■ **WORK INSTRUCTIONS**
Output every record exactly and leave each picture out.

■ **RECORDS FOR THE TASK**

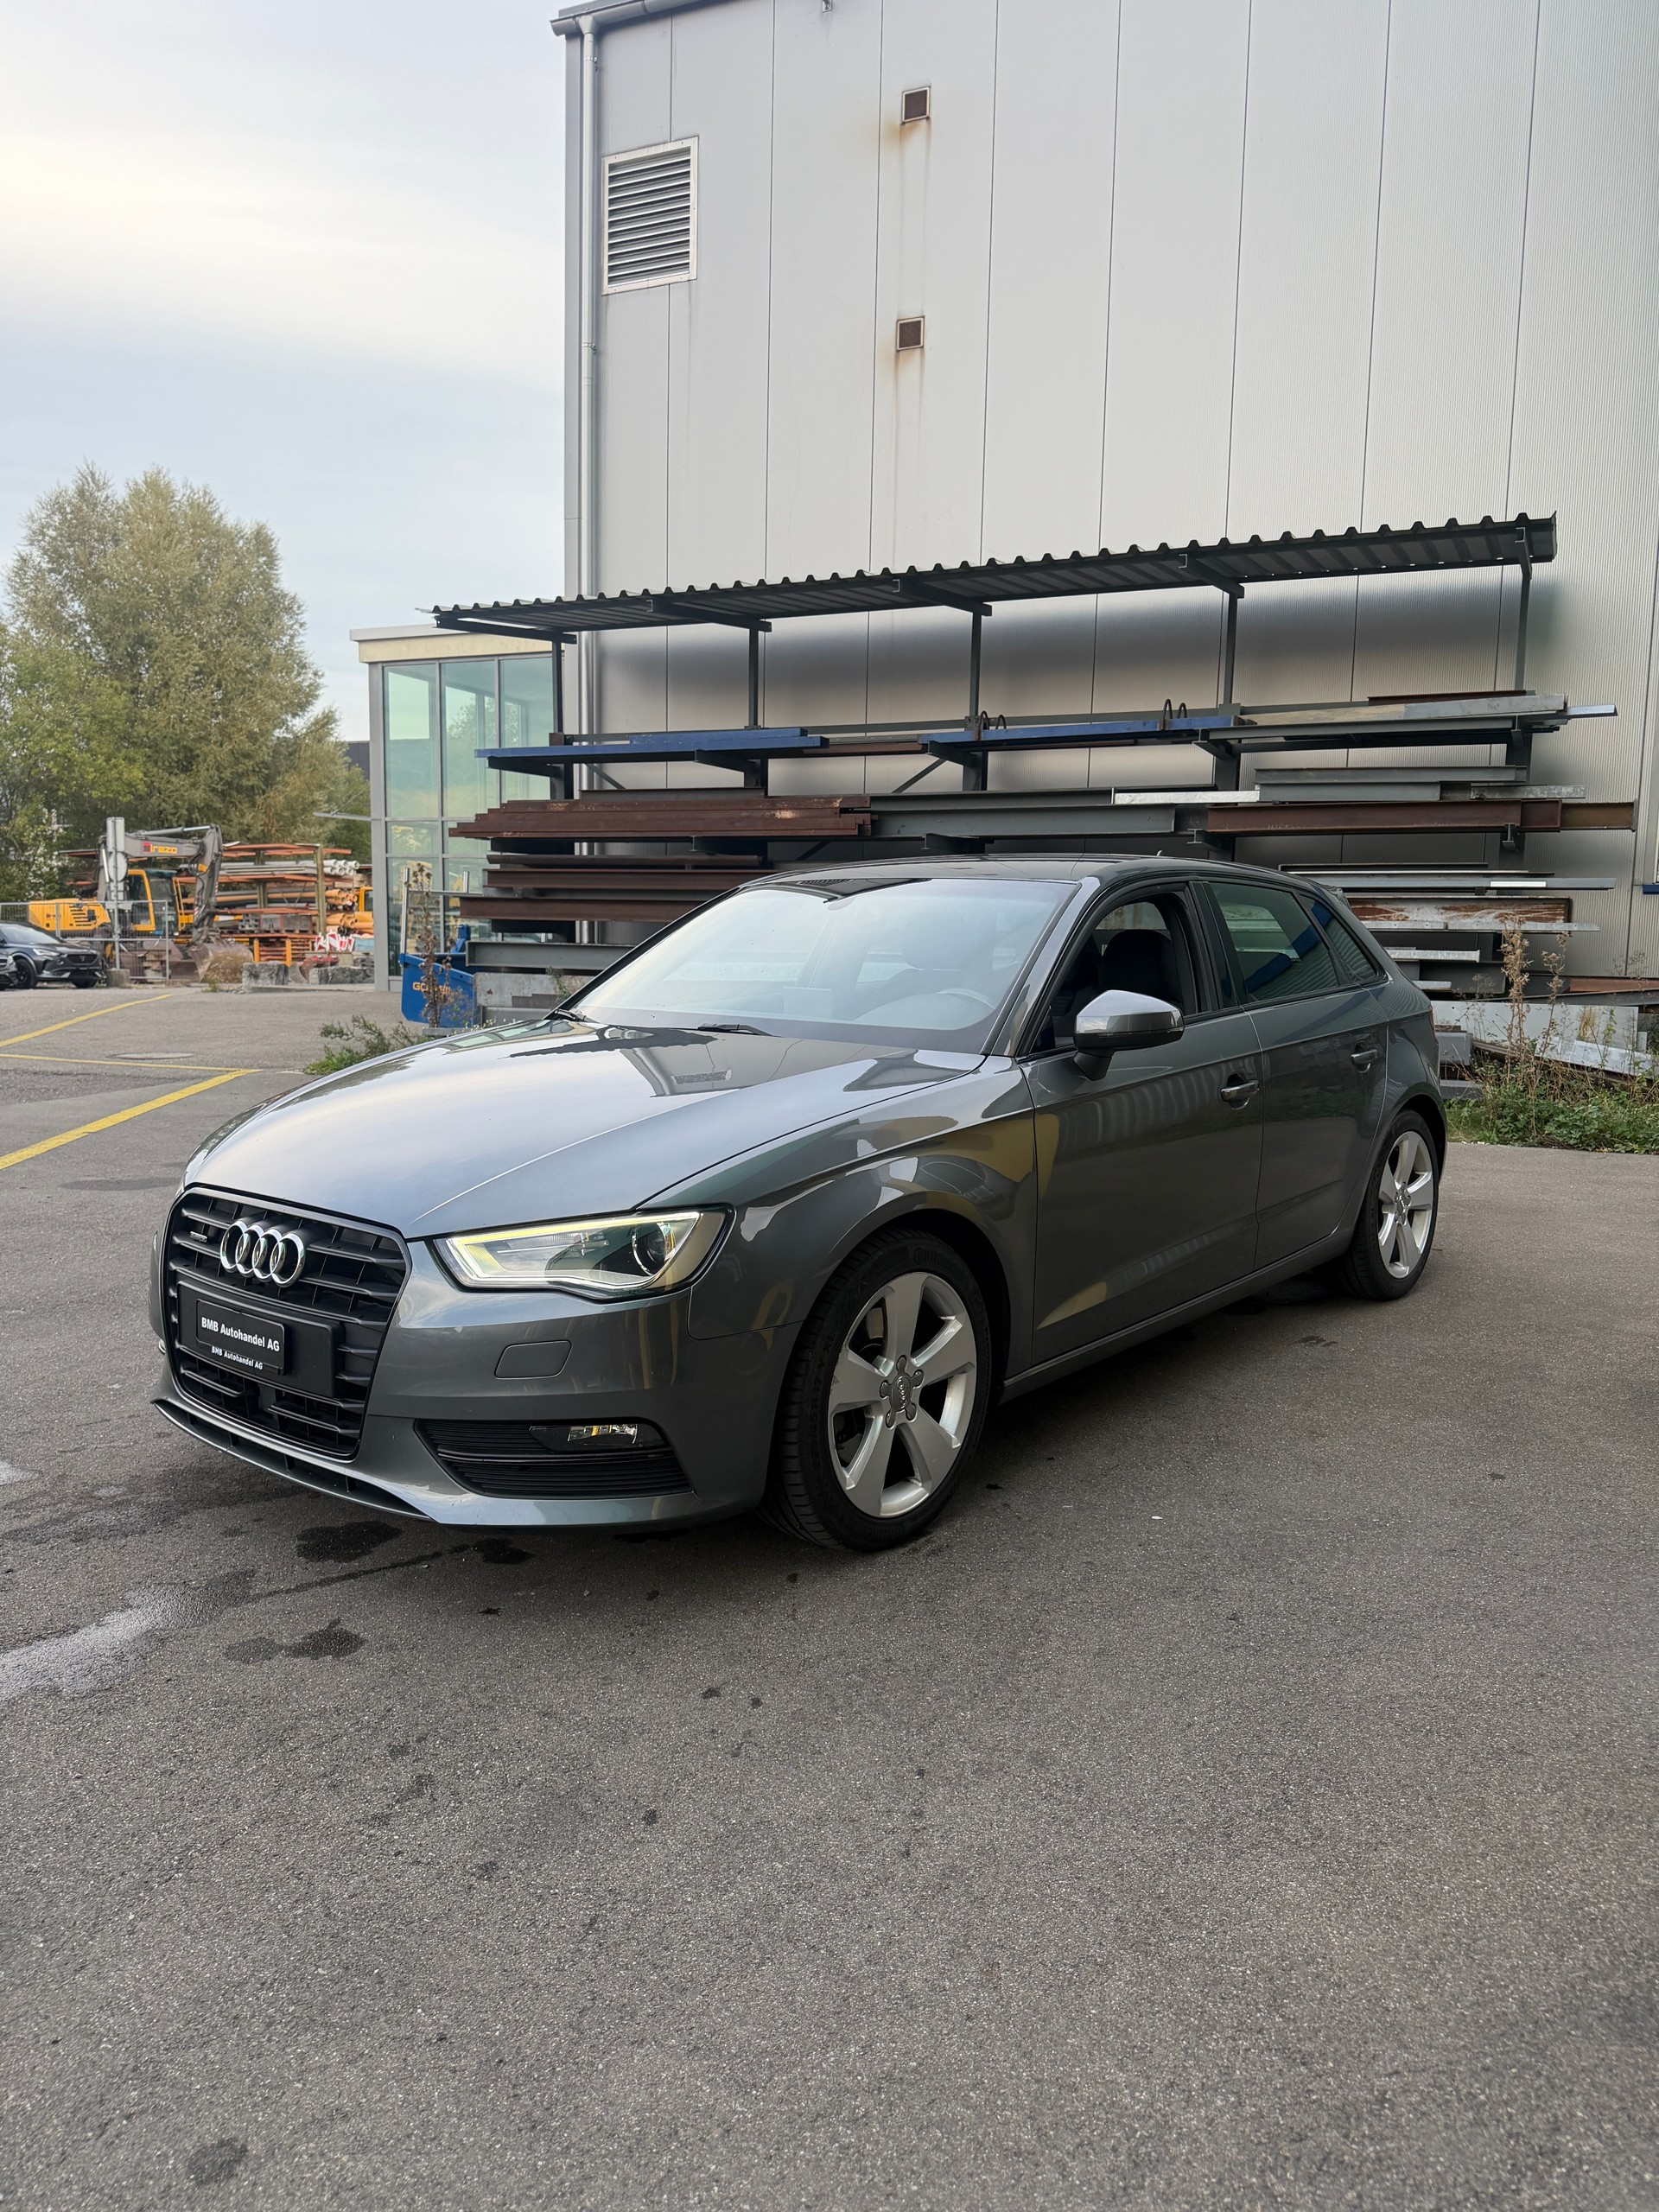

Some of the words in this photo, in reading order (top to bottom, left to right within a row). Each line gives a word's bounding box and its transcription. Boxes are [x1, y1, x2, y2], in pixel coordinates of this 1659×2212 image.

[200, 1317, 219, 1332] BMB
[219, 1323, 265, 1348] Autohandel
[267, 1338, 280, 1352] AG
[211, 1345, 223, 1357] BMB
[223, 1351, 254, 1367] Autohandel
[254, 1360, 264, 1370] AG

■ **RESULT FOR THIS EXERCISE**
Some of the words in this photo, in reading order (top to bottom, left to right within a row). Each line gives a word's bounding box and its transcription. Boxes are [x1, y1, x2, y2], in pixel coordinates of this 1659×2212 image.

[200, 1317, 219, 1332] BMB
[219, 1323, 265, 1348] Autohandel
[267, 1338, 280, 1352] AG
[211, 1345, 223, 1357] BMB
[223, 1351, 254, 1367] Autohandel
[254, 1360, 264, 1370] AG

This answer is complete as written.